Today's oxygen levels in the atmosphere are a stable balance between processes that produce oxygen - like photosynthesis by plants and microorganisms - and those that consume it - like rock weathering and oxygen-breathing organisms. On early Earth, the atmosphere maintained a different kind of equilibrium, with producers and consumers of oxygen in balance, but in a way that didn't leave much extra oxygen for the atmosphere.
"If you look at Earth's history, it appears there were two jumps, where you went from a steady state of low oxygen to a steady state of much higher oxygen, once in the Paleoproterozoic (2.5 billion years ago), once in the Neoproterozoic (0.5 billion years ago)," Gregory Fournier, co-author and associate professor of geobiology in MIT's Department of Earth, Atmospheric, and Planetary Sciences, notes. "These jumps couldn't have been because of a gradual increase in excess oxygen. There had to have been some feedback loop that caused this step-change instability."
The scientists wondered whether such a positive feedback loop could have come from a process happening on early Earth and involved microbes, inhabiting the oceans at the time.
In our modern oceans, organic carbon is mainly consumed through oxidation, a process by which microbes in the ocean use oxygen to break down organic matter, such as detritus that has settled in sediment. Curiously enough, models show how such an oxygen-consuming process could lead to a positive feedback loop increasing oxygen levels in the atmosphere.
The scientists identified a group of microbes that partially oxidizes organic matter in the deep ocean today. The partially oxidize organic matter becomes "sticky," and chemically binds to minerals in sediment in a way that would protect it from further oxidation. The excess oxygen that would otherwise have been consumed to fully degrade the organic matter would instead be free to build up in the atmosphere.
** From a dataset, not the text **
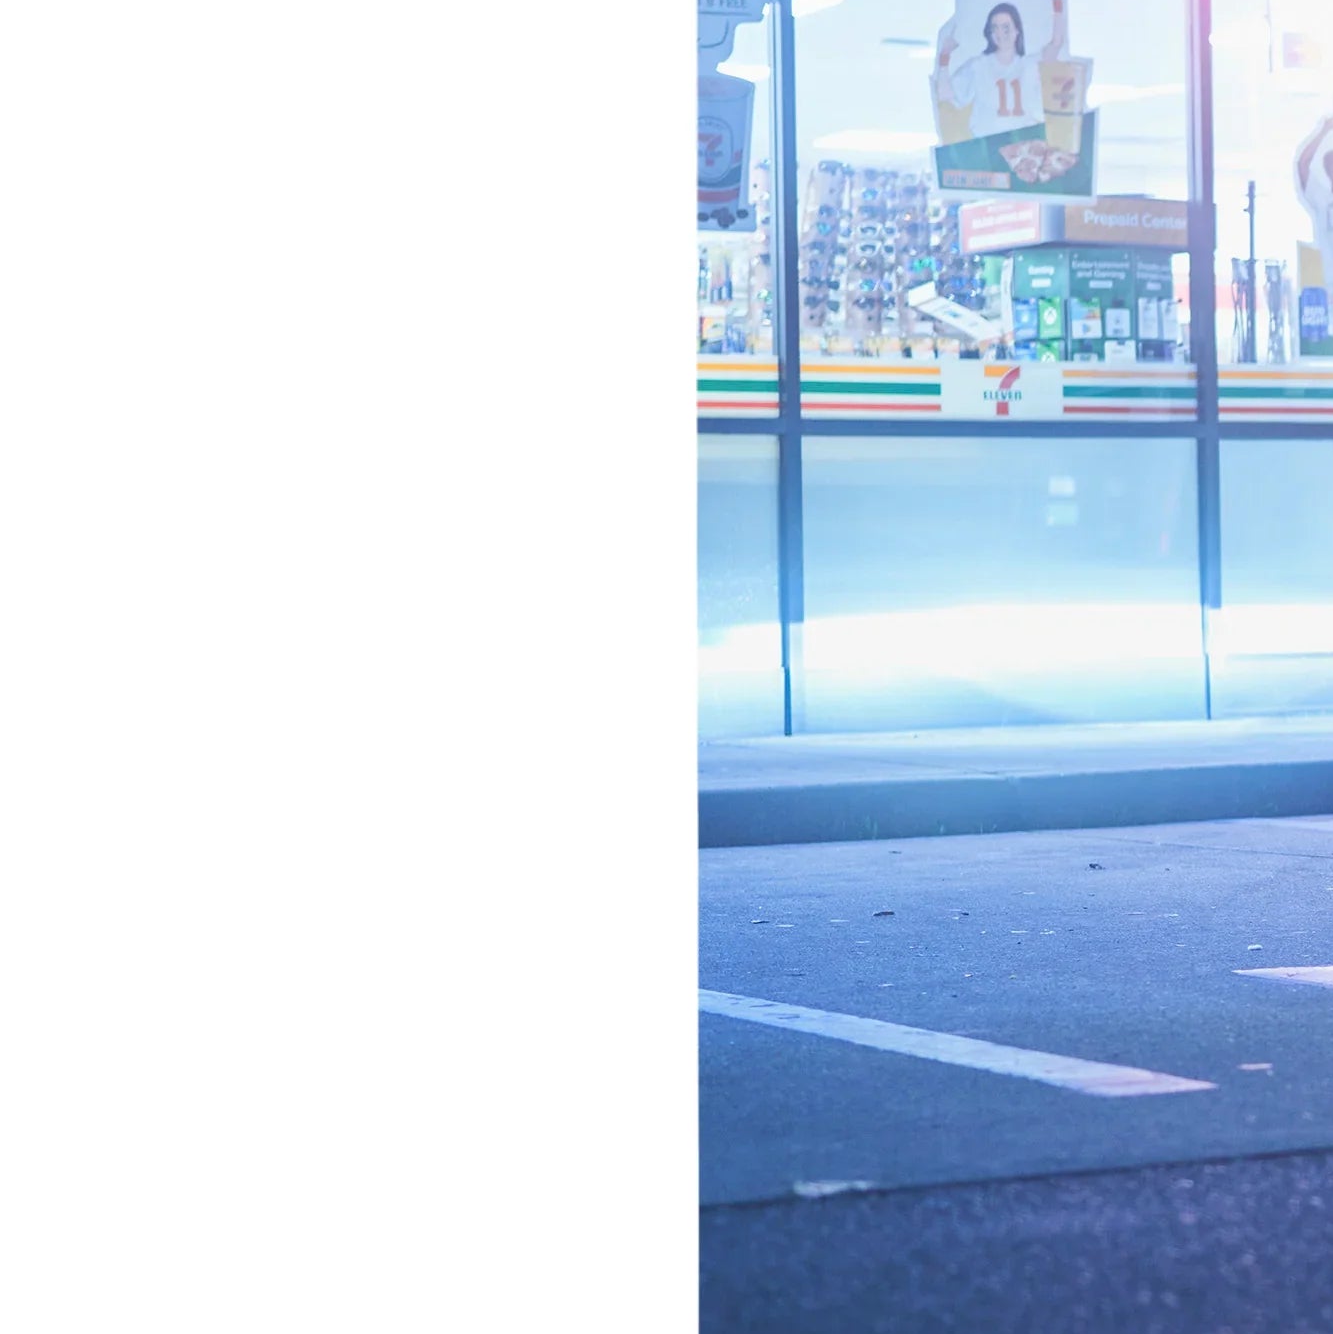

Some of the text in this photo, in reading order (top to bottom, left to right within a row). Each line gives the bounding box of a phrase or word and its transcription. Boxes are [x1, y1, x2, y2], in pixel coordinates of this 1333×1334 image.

[995, 78, 1025, 117] 11
[1083, 210, 1139, 227] Prepaid
[983, 365, 1021, 416] 7
This process, they found, could serve as positive feedback, providing a natural pump to push the atmosphere into a new, high-oxygen equilibrium.
A phylogenetic analysis of genes associated with the ability of the microbes to partially oxidizes organic matter shows that not only do the genes date back 2 billion years, but the gene's diversification, or the number of microbe species that acquired the gene, increased significantly during times when the atmosphere experienced spikes in oxygenation.
"We found some temporal correlations between the diversification of partially oxidized organic matter-producing genes, and the oxygen levels in the atmosphere," lead author Haitao Shang, a former MIT graduate student, says. "That supports our overall theory."
To confirm this hypothesis will require far more follow-up, from experiments in the lab to surveys in the field, and everything in between. With their new study, the team has introduced a new suspect in the age-old case of what oxygenated Earth's atmosphere.